EXERCISE PROMPT :: The line that holds "this 1344×1214 image." marks the start. Return it and each following line through the end of the data, unchanged.

RECORDS SHOWN ::
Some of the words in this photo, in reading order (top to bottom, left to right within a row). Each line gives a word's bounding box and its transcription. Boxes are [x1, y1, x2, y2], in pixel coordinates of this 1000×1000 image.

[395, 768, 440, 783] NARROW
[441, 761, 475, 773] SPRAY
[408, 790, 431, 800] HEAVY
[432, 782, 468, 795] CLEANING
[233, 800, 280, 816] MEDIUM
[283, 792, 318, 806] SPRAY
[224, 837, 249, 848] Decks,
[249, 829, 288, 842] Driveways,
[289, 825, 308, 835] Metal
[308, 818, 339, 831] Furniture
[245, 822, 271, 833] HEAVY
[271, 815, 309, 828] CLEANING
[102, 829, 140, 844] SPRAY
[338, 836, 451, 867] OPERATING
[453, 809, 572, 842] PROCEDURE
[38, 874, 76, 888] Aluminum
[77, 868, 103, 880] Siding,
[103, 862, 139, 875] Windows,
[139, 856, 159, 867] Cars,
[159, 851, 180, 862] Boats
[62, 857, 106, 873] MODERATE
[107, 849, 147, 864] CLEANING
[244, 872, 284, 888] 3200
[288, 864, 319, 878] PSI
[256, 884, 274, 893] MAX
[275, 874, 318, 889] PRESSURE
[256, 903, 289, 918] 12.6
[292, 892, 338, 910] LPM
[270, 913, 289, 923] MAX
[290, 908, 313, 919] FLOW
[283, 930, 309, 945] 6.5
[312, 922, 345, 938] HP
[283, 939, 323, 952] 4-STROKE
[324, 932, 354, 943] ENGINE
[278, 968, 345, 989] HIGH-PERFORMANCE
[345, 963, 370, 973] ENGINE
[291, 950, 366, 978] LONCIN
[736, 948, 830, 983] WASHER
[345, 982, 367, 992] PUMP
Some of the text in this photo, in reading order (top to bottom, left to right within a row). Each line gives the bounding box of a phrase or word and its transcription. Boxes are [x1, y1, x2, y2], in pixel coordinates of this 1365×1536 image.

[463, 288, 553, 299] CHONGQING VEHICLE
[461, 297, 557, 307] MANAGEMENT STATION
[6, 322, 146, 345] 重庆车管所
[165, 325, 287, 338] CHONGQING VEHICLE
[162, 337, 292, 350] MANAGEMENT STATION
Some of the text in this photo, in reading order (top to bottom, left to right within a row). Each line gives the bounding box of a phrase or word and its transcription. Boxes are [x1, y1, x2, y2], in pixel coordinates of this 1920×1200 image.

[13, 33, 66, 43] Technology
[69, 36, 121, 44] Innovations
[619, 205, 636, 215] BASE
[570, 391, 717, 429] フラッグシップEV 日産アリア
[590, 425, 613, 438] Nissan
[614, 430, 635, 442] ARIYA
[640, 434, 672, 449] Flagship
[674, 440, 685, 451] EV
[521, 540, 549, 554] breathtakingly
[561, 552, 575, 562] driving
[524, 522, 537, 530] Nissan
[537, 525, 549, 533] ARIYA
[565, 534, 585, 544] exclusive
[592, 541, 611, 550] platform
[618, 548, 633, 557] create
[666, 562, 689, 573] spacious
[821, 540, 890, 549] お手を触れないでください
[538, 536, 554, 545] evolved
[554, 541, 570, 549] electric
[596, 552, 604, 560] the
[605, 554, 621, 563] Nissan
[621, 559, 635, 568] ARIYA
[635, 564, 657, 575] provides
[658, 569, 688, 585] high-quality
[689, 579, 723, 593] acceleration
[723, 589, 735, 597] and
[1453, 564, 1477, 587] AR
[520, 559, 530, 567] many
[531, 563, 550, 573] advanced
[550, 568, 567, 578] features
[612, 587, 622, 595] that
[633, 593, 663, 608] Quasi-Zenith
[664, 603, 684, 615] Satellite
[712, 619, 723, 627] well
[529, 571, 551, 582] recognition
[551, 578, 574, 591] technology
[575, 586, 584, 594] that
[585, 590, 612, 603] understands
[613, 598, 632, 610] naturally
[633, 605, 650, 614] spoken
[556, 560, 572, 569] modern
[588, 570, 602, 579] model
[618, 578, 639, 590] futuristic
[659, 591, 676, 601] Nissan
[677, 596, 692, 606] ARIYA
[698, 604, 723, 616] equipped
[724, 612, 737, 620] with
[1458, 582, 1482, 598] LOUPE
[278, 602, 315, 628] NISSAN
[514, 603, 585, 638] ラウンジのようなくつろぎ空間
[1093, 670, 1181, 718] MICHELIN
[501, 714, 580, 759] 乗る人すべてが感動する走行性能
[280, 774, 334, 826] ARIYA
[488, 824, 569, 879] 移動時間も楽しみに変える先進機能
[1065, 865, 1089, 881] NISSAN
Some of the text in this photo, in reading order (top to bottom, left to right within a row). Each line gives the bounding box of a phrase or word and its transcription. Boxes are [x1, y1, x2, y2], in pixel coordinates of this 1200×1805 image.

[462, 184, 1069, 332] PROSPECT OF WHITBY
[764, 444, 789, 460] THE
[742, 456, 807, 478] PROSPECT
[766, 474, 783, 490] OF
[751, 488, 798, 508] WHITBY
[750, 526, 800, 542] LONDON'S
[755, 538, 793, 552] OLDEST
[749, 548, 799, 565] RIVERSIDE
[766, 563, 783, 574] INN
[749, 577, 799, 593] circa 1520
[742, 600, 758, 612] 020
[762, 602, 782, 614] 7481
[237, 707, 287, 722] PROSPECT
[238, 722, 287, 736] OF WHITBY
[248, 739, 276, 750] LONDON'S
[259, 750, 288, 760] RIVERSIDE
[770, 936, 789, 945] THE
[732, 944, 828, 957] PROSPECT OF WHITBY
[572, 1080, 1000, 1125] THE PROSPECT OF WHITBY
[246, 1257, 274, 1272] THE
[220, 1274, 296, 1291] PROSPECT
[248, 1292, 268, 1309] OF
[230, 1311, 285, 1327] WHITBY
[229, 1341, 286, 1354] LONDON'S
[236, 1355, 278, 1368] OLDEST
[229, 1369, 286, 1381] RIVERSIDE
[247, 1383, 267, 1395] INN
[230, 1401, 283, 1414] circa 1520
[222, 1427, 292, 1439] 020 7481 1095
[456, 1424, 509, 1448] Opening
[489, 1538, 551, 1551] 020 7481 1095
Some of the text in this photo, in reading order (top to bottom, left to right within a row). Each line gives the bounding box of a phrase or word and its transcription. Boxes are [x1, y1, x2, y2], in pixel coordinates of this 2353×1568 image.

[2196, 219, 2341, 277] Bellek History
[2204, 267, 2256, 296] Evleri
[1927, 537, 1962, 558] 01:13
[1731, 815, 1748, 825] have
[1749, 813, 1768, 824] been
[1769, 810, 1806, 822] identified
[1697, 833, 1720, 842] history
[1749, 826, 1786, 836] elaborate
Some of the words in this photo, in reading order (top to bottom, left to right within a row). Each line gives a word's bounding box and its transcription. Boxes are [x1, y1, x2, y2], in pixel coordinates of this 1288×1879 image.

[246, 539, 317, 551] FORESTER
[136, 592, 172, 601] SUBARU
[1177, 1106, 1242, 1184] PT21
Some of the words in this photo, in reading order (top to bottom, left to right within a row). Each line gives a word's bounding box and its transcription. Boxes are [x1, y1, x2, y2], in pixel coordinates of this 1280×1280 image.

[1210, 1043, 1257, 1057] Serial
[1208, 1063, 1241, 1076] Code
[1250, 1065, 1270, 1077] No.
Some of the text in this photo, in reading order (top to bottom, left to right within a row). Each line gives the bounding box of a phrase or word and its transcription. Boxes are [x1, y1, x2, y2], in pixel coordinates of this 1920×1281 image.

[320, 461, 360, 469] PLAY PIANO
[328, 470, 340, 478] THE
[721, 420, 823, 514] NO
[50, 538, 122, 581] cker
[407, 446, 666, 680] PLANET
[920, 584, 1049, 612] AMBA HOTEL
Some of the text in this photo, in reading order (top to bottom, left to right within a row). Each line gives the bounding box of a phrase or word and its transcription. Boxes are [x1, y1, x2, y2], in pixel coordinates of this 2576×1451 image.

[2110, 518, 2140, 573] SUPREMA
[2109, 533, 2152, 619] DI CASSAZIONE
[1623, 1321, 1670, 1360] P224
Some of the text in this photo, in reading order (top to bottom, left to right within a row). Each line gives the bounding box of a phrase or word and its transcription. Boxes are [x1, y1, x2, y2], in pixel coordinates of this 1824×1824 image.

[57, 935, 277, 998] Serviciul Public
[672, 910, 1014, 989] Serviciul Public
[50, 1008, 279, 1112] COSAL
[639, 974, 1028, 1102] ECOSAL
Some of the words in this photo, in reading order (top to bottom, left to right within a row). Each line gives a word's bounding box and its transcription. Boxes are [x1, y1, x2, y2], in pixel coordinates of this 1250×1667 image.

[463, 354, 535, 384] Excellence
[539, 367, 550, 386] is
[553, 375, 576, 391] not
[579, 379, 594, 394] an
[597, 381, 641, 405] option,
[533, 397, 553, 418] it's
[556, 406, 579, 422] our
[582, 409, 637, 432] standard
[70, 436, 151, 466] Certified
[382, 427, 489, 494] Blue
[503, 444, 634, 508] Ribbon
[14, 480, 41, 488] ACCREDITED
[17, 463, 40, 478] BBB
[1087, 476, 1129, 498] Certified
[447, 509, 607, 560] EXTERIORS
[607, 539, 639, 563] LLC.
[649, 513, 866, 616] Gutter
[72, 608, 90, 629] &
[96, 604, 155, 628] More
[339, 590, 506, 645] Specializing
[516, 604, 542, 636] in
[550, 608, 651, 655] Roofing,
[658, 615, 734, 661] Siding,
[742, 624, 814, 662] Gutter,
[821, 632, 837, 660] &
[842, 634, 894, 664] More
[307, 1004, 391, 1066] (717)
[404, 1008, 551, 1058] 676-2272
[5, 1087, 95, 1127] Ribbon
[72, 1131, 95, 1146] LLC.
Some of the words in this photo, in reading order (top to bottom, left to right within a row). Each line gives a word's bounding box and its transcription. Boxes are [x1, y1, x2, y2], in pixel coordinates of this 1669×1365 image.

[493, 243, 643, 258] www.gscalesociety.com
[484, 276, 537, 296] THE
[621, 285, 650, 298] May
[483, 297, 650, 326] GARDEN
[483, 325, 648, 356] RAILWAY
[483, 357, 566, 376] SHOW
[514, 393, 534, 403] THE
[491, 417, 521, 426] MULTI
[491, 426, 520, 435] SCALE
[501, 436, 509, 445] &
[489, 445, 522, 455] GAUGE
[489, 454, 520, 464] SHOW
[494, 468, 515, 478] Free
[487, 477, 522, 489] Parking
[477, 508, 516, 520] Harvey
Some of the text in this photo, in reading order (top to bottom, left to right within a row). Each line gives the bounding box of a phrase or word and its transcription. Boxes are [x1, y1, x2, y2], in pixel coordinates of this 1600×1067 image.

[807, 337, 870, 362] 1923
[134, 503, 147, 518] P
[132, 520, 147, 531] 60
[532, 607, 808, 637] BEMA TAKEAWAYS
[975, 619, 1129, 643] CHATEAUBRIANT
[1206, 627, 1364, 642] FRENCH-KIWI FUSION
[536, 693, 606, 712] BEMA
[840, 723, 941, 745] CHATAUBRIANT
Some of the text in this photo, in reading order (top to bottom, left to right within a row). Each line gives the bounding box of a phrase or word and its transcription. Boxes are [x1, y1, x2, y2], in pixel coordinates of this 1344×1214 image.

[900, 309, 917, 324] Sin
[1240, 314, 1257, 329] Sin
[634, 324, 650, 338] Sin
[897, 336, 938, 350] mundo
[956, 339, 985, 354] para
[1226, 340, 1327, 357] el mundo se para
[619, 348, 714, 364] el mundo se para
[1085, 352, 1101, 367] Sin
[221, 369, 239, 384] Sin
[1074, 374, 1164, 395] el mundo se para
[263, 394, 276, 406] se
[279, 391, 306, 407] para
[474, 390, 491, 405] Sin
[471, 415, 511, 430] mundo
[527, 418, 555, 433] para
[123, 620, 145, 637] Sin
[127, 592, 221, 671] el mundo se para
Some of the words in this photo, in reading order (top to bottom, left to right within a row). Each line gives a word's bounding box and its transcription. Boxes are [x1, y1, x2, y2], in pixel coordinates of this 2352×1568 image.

RESULT OF THE TASK ::
Some of the text in this photo, in reading order (top to bottom, left to right within a row). Each line gives the bounding box of a phrase or word and its transcription. Boxes are [x1, y1, x2, y2], in pixel coordinates of this 1344×1214 image.

[900, 309, 917, 324] Sin
[1240, 314, 1257, 329] Sin
[634, 324, 650, 338] Sin
[897, 336, 938, 350] mundo
[956, 339, 985, 354] para
[1226, 340, 1327, 357] el mundo se para
[619, 348, 714, 364] el mundo se para
[1085, 352, 1101, 367] Sin
[221, 369, 239, 384] Sin
[1074, 374, 1164, 395] el mundo se para
[263, 394, 276, 406] se
[279, 391, 306, 407] para
[474, 390, 491, 405] Sin
[471, 415, 511, 430] mundo
[527, 418, 555, 433] para
[123, 620, 145, 637] Sin
[127, 592, 221, 671] el mundo se para
Some of the words in this photo, in reading order (top to bottom, left to right within a row). Each line gives a word's bounding box and its transcription. Boxes are [x1, y1, x2, y2], in pixel coordinates of this 2352×1568 image.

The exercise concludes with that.